You can then work on your project as you like. After you are done with your project, and you want to remove everything. You can delte the environment folder manually or;

```shell
(NAMEOFENV) C:\Users\Computer>conda deactivate
C:\Users\Computer>conda env remove -n NAMEOFENV
```

After this, you will still have the environment listed in the kernels of the jupyter.
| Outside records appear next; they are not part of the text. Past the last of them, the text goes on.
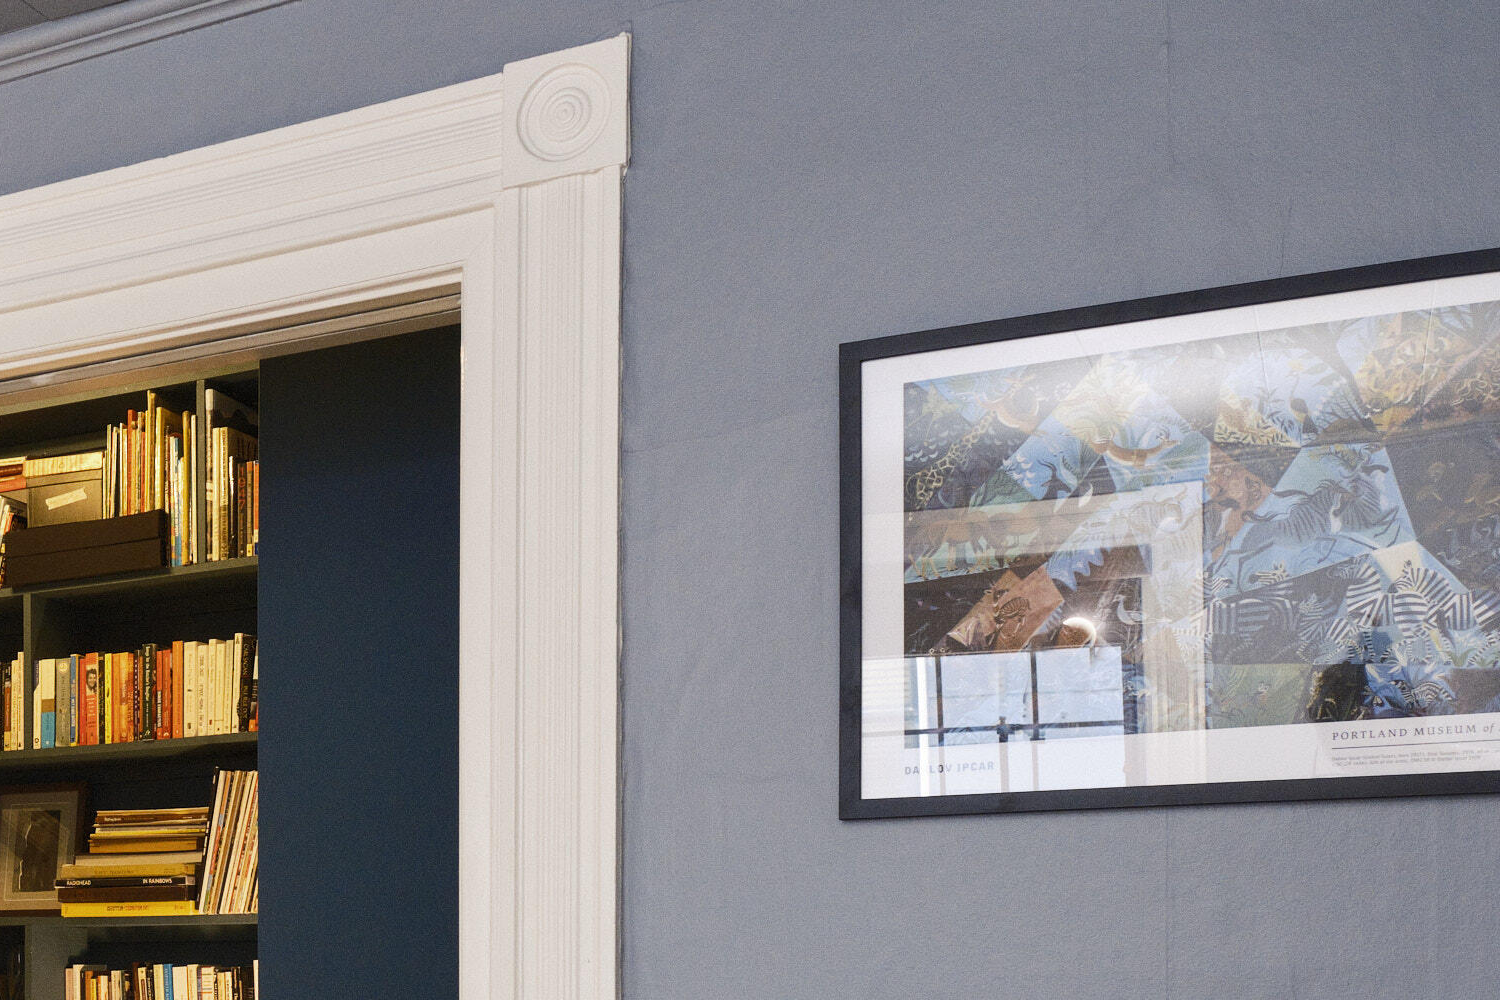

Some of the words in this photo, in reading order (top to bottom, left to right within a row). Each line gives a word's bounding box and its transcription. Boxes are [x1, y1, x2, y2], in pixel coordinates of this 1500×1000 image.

[1332, 728, 1408, 741] PORTLAND
[1414, 724, 1476, 736] MUSEUM
[1483, 723, 1496, 735] of
[904, 763, 952, 775] DALOV
[957, 761, 995, 773] IPCAR
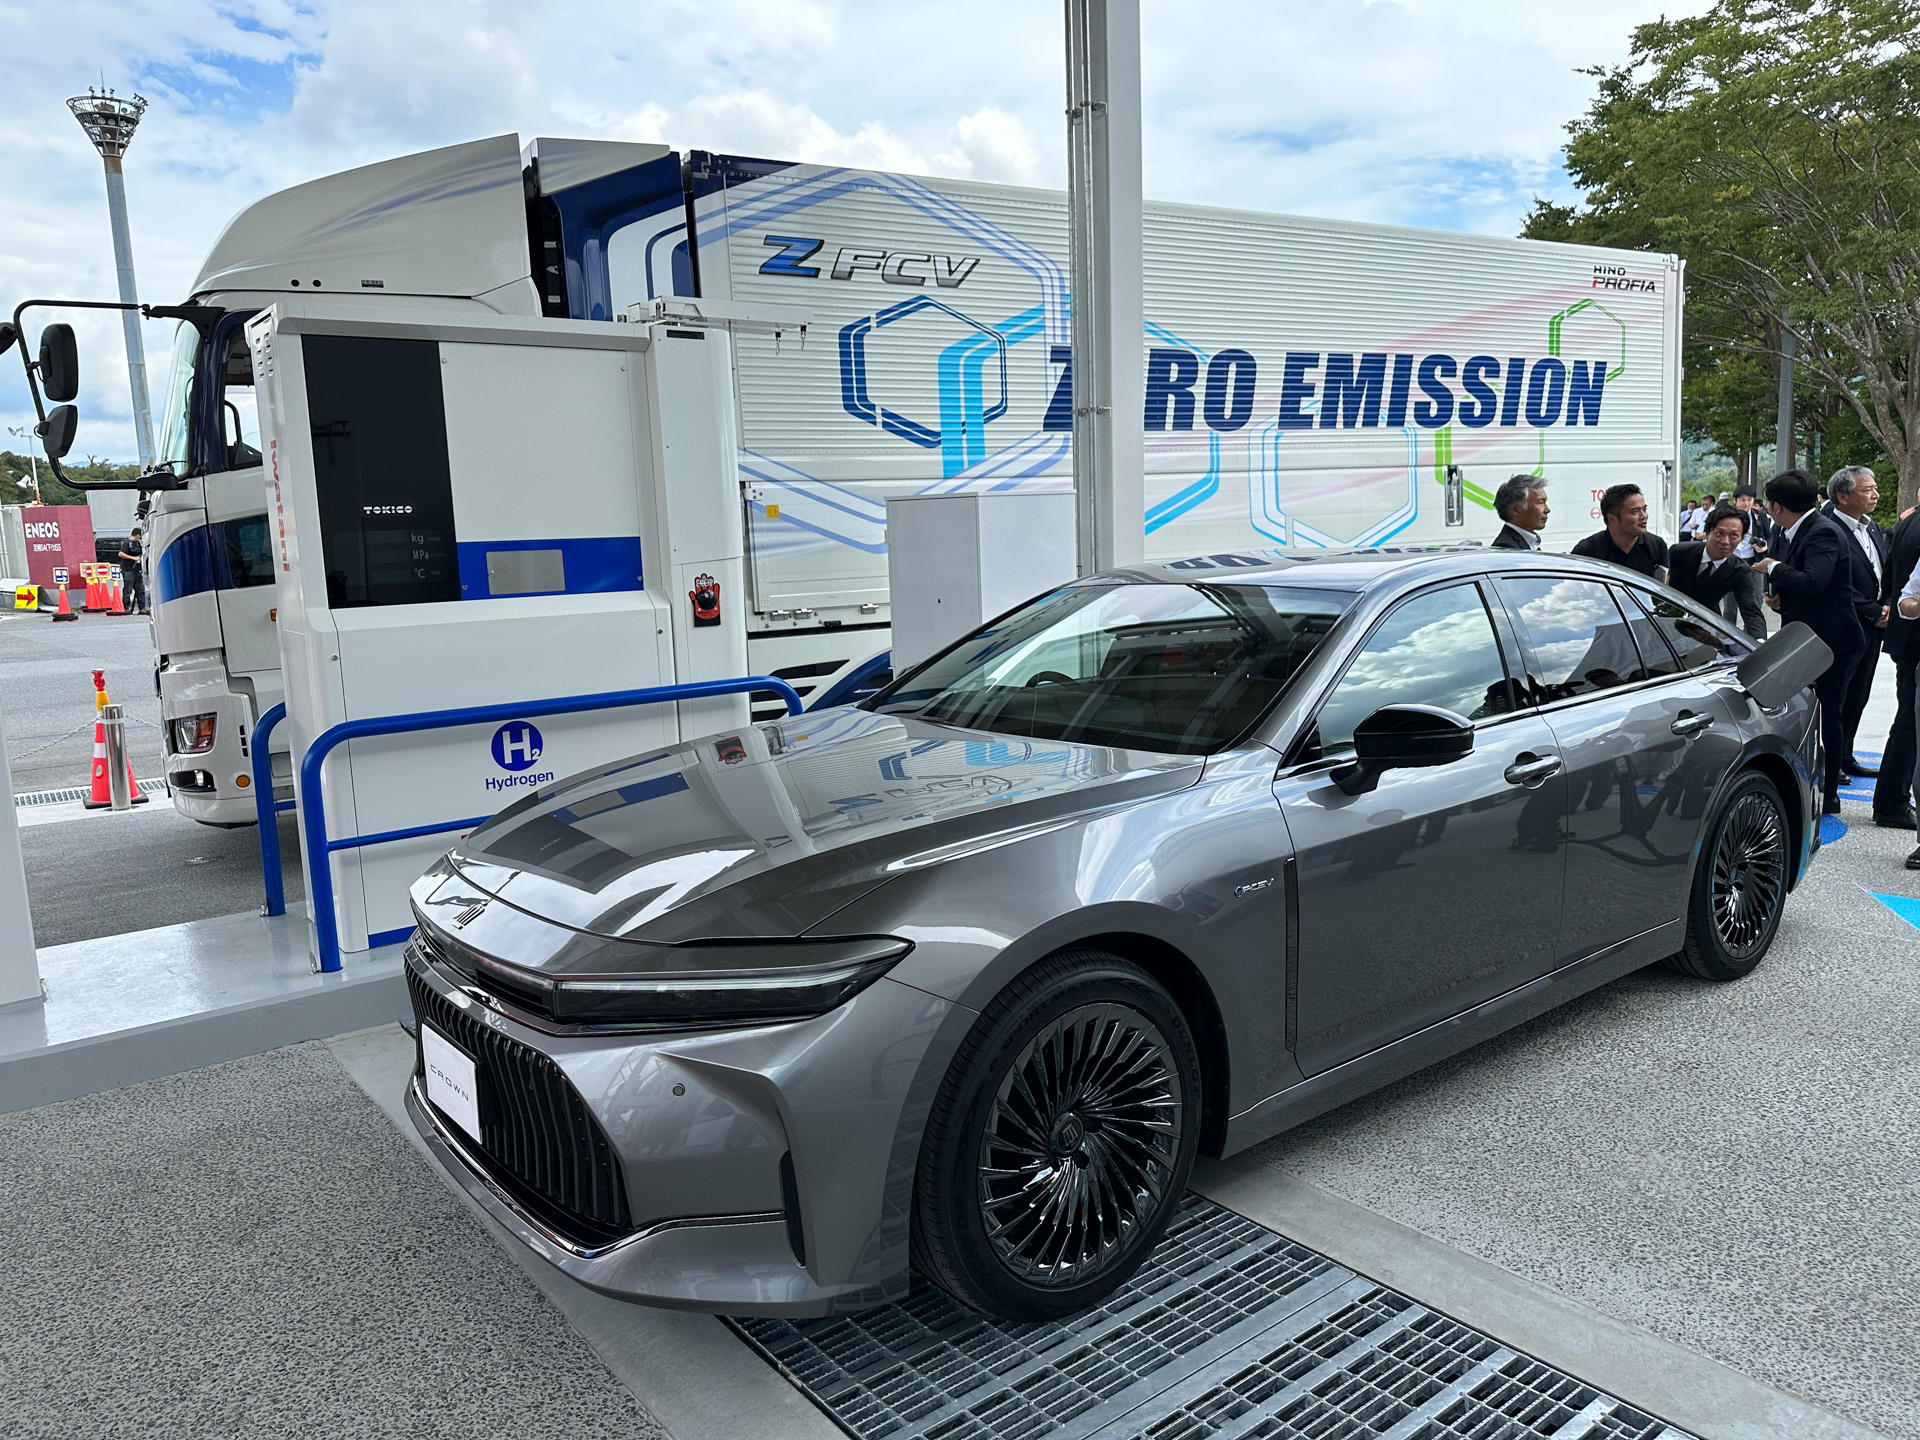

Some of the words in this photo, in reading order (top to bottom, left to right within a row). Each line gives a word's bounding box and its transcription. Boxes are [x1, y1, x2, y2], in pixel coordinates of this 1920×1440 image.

To remove it run;

```
(base) C:\Users\Computer>jupyter kernelspec uninstall NAMEOFENV
```

If you want to list existing environments and kernels

```
(base) C:\Users\Computer>conda info --envs
```

```
(base) C:\Users\Computer>jupyter kernelspec list
```


### <font color=blue> 1. Using pip  </font>

- create
```shell
(base) C:\Users\Computer>python -m venv NAMEOFENV
```
- activate
```shell
(base) C:\Users\Computer>NAMEOFENV\Scripts\activate.bat
```
- install stuff
```shell
(base) C:\Users\Computer> pip install matplotlib
(base) C:\Users\Computer> pip install ipykernel
```

- add kernel
```shell
(base) C:\Users\Computer> ipython kernel install --name "name-venv" --user
```

- to save your packages
```shell
(base) C:\Users\Computer> pip freeze > requirements.txt
```

<br>
<br>

In the following notebooks we will explore data from kaggle and create a workflow step-by-step. <br>
In the first Netflix-Movies.ipynb we will explore the data and create some functions. Later, we will create a simple _library_ of our own. <br>
Next, we will use this library in the Netflix-Movies-2.ipynb to explore further things.